►

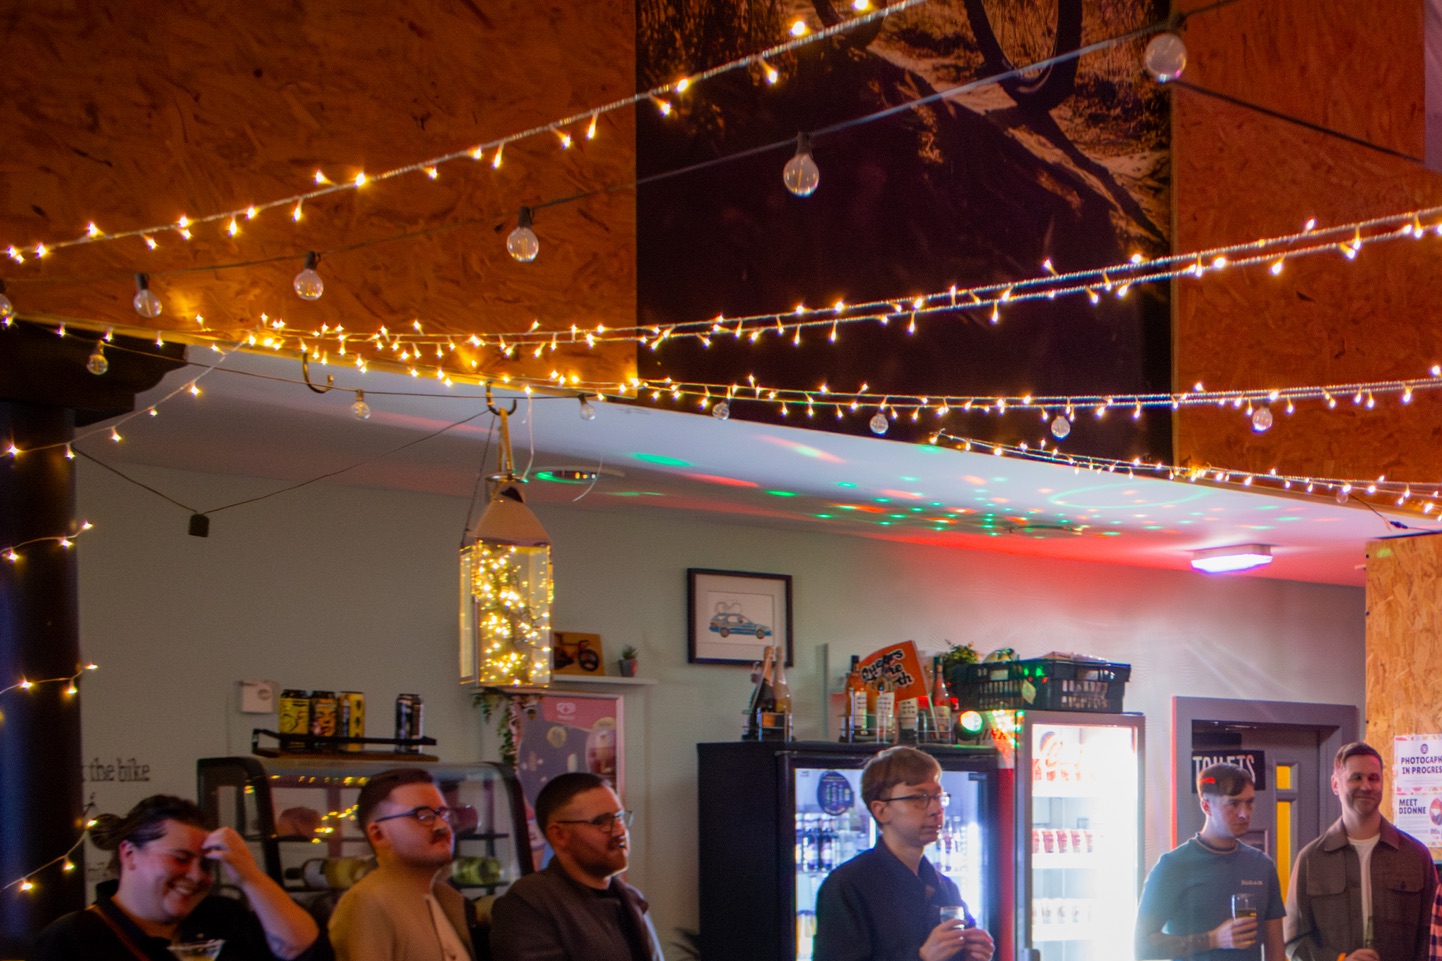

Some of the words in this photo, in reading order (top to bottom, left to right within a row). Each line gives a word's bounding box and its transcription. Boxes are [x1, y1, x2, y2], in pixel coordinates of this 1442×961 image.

[89, 757, 115, 782] the
[117, 757, 151, 782] bike
[1402, 767, 1410, 775] IN
[1398, 798, 1418, 807] MEET
[1398, 806, 1427, 815] DIONNE
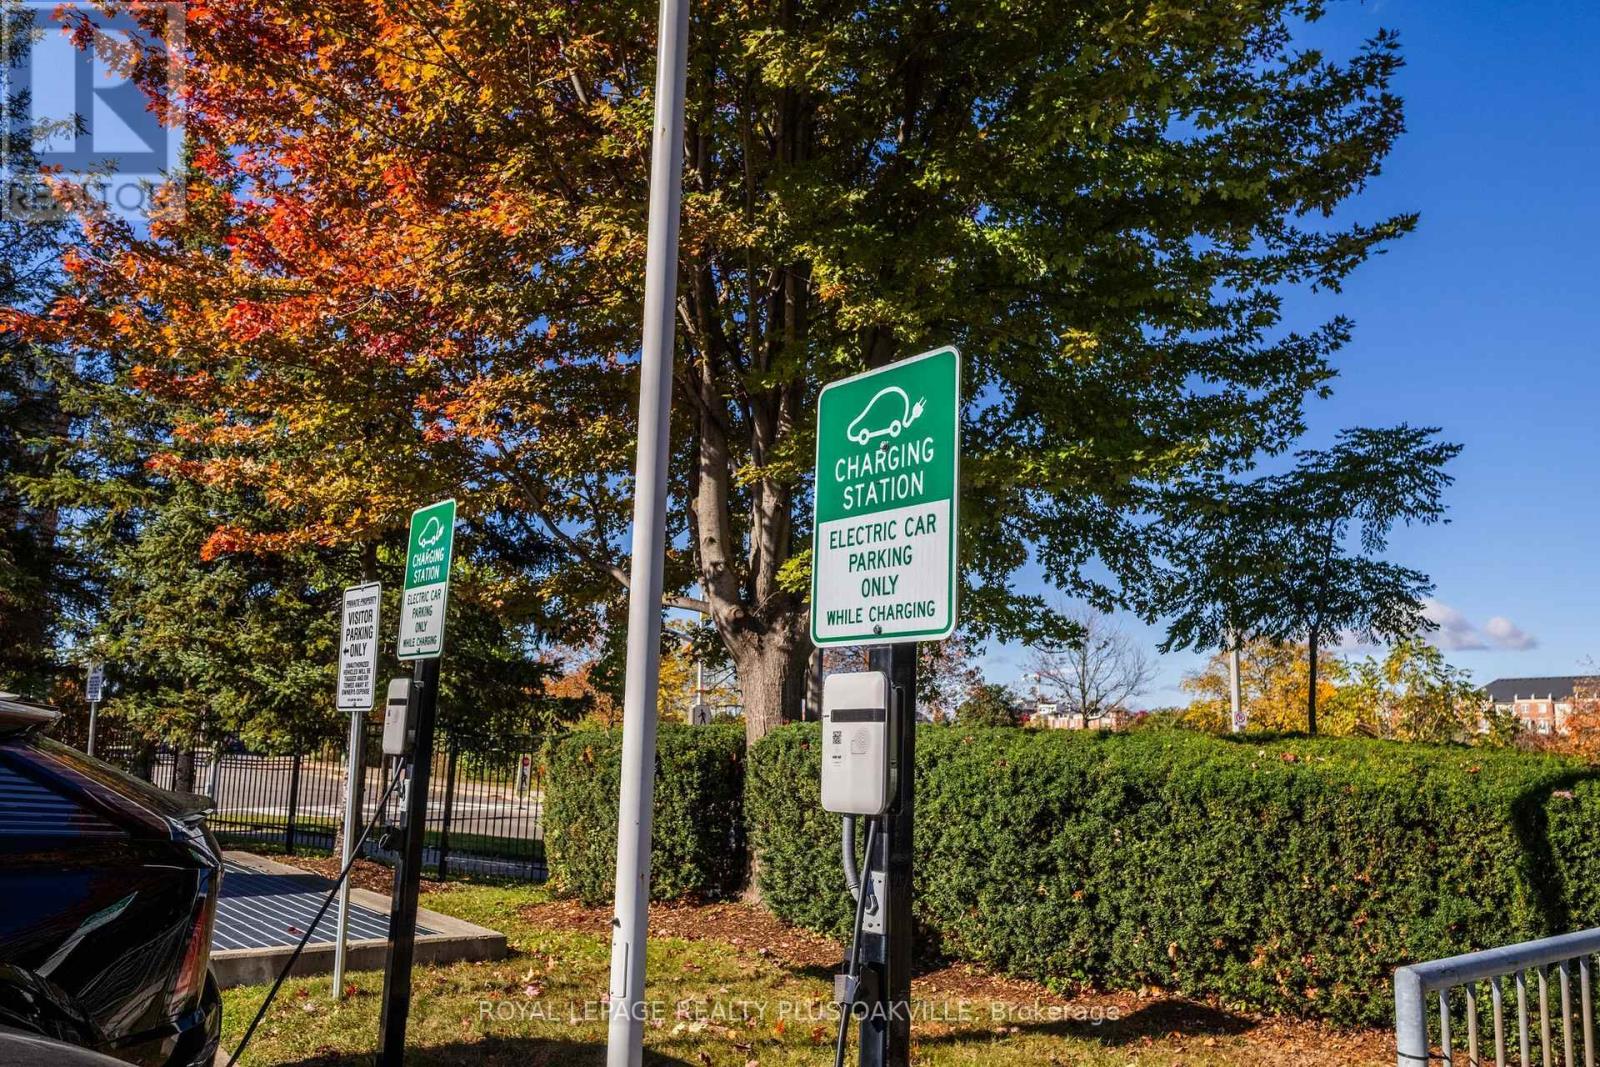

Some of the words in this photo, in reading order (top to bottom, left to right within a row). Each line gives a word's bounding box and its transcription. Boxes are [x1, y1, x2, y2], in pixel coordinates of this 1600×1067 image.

[835, 437, 934, 482] CHARGING
[843, 470, 924, 510] STATION
[829, 520, 897, 550] ELECTRIC
[904, 513, 937, 538] CAR
[412, 547, 445, 568] CHARGING
[848, 545, 913, 573] PARKING
[413, 565, 440, 584] STATION
[861, 574, 899, 598] ONLY
[407, 591, 430, 605] ELECTRIC
[430, 588, 441, 601] CAR
[348, 609, 373, 625] VISITOR
[412, 605, 433, 619] PARKING
[826, 607, 863, 626] WHILE
[868, 600, 936, 622] CHARGING
[345, 625, 373, 641] PARKING
[415, 621, 428, 633] ONLY
[350, 642, 367, 657] ONLY
[403, 638, 416, 648] WHILE
[416, 635, 438, 646] CHARGING
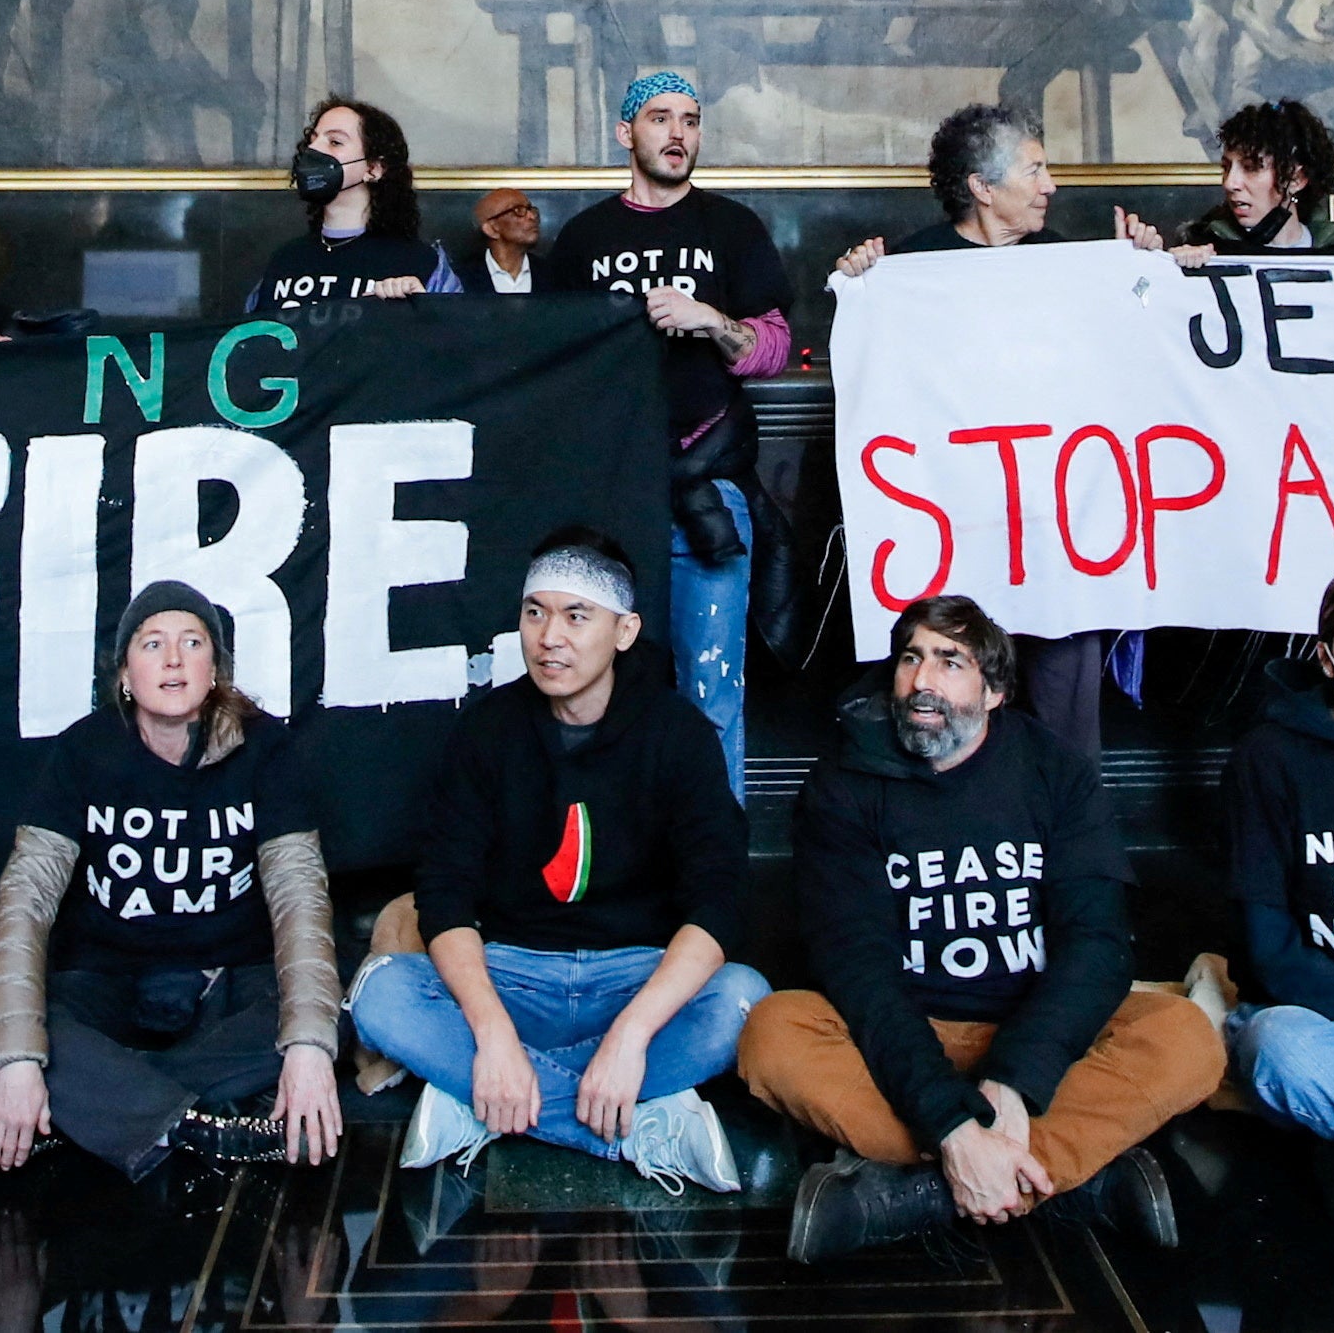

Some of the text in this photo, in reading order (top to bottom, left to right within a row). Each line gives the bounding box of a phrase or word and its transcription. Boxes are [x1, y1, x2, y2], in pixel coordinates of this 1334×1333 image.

[592, 247, 714, 281] NOT IN
[273, 275, 338, 301] NOT
[861, 423, 1226, 613] STOP
[87, 801, 255, 840] NOT IN
[107, 842, 234, 884] OUR
[885, 841, 1044, 890] CEASE
[86, 861, 254, 921] NAME
[908, 887, 1032, 931] FIRE
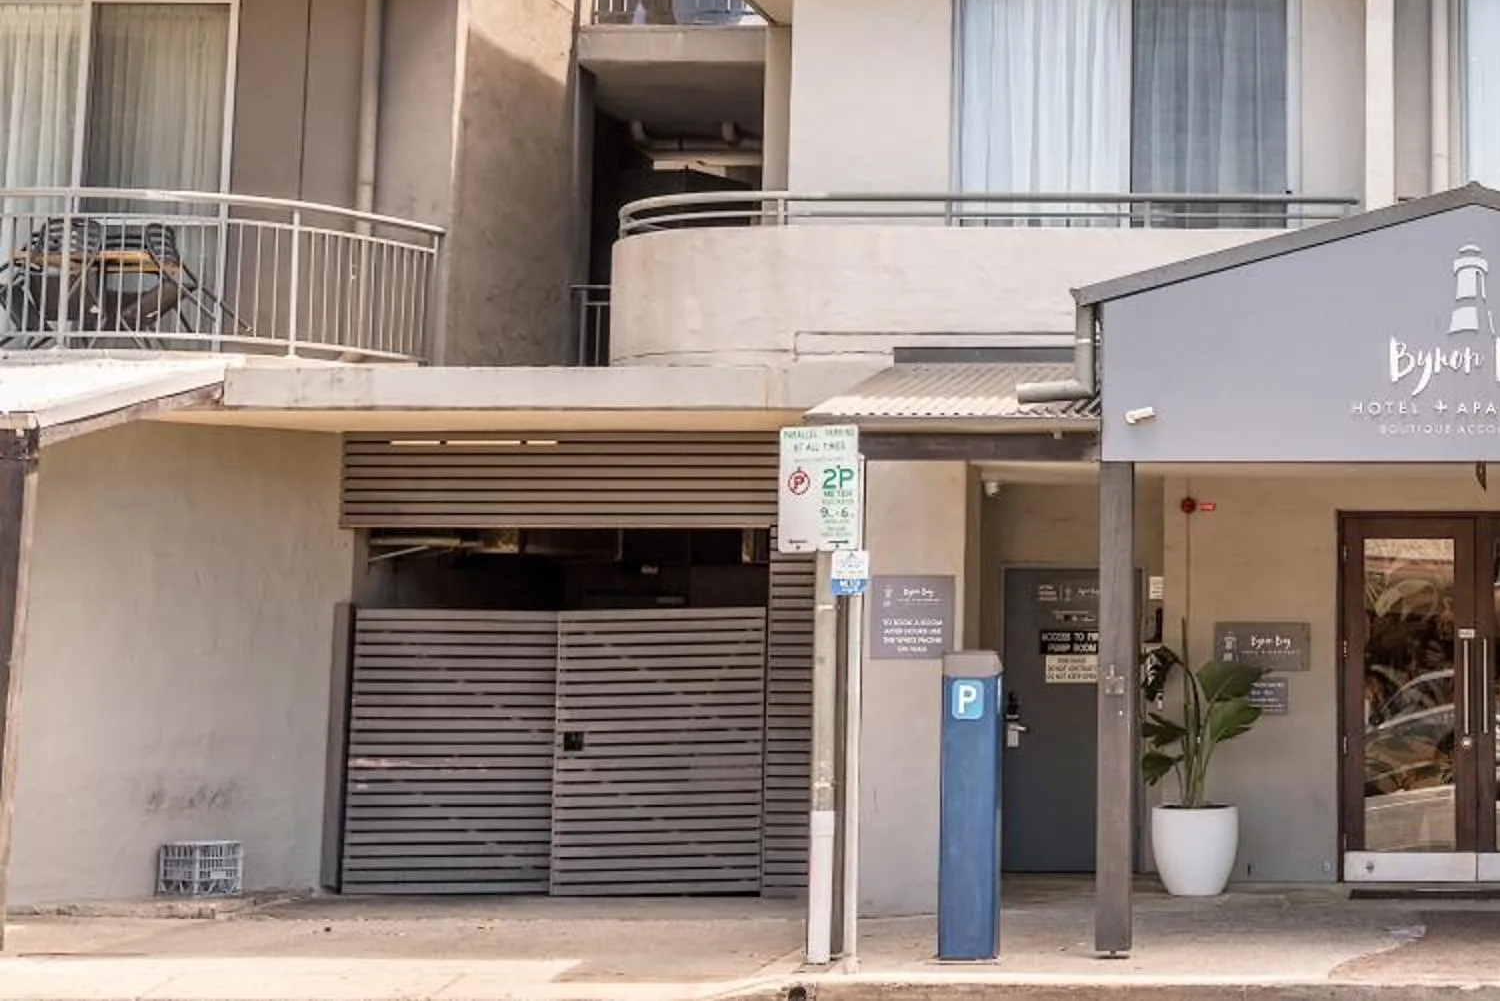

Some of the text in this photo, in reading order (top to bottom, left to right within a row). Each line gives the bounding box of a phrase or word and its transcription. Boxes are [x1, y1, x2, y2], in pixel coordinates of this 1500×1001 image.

[1390, 337, 1484, 397] Byron
[1351, 401, 1419, 415] HOTEL
[1380, 424, 1451, 435] BOUTIQUE
[822, 468, 855, 490] 2P
[1073, 632, 1085, 642] TO

◄

→ THE PROBLEM
Every entry, word for word: repeat it, but skip the images.

→ ANSWER TO THE PROBLEM
Some of the words in this photo, in reading order (top to bottom, left to right within a row). Each line gives a word's bounding box and its transcription. Boxes are [x1, y1, x2, y2], in pixel coordinates of this 1442×961 image.

[89, 757, 115, 782] the
[117, 757, 151, 782] bike
[1402, 767, 1410, 775] IN
[1398, 798, 1418, 807] MEET
[1398, 806, 1427, 815] DIONNE

Some of the words in this photo, in reading order (top to bottom, left to right within a row). Each line gives a word's bounding box and its transcription. Boxes are [x1, y1, x2, y2], in pixel coordinates of this 1600×1067 image.

[835, 437, 934, 482] CHARGING
[843, 470, 924, 510] STATION
[829, 520, 897, 550] ELECTRIC
[904, 513, 937, 538] CAR
[412, 547, 445, 568] CHARGING
[848, 545, 913, 573] PARKING
[413, 565, 440, 584] STATION
[861, 574, 899, 598] ONLY
[407, 591, 430, 605] ELECTRIC
[430, 588, 441, 601] CAR
[348, 609, 373, 625] VISITOR
[412, 605, 433, 619] PARKING
[826, 607, 863, 626] WHILE
[868, 600, 936, 622] CHARGING
[345, 625, 373, 641] PARKING
[415, 621, 428, 633] ONLY
[350, 642, 367, 657] ONLY
[403, 638, 416, 648] WHILE
[416, 635, 438, 646] CHARGING

Some of the text in this photo, in reading order (top to bottom, left to right within a row). Each line gives the bounding box of a phrase or word and its transcription. Boxes are [x1, y1, x2, y2], in pixel coordinates of this 1334×1333 image.

[592, 247, 714, 281] NOT IN
[273, 275, 338, 301] NOT
[861, 423, 1226, 613] STOP
[87, 801, 255, 840] NOT IN
[107, 842, 234, 884] OUR
[885, 841, 1044, 890] CEASE
[86, 861, 254, 921] NAME
[908, 887, 1032, 931] FIRE

Some of the text in this photo, in reading order (top to bottom, left to right within a row). Each line gives the bounding box of a phrase or word and its transcription. Boxes are [x1, y1, x2, y2], in pixel coordinates of this 1500×1001 image.

[1390, 337, 1484, 397] Byron
[1351, 401, 1419, 415] HOTEL
[1380, 424, 1451, 435] BOUTIQUE
[822, 468, 855, 490] 2P
[1073, 632, 1085, 642] TO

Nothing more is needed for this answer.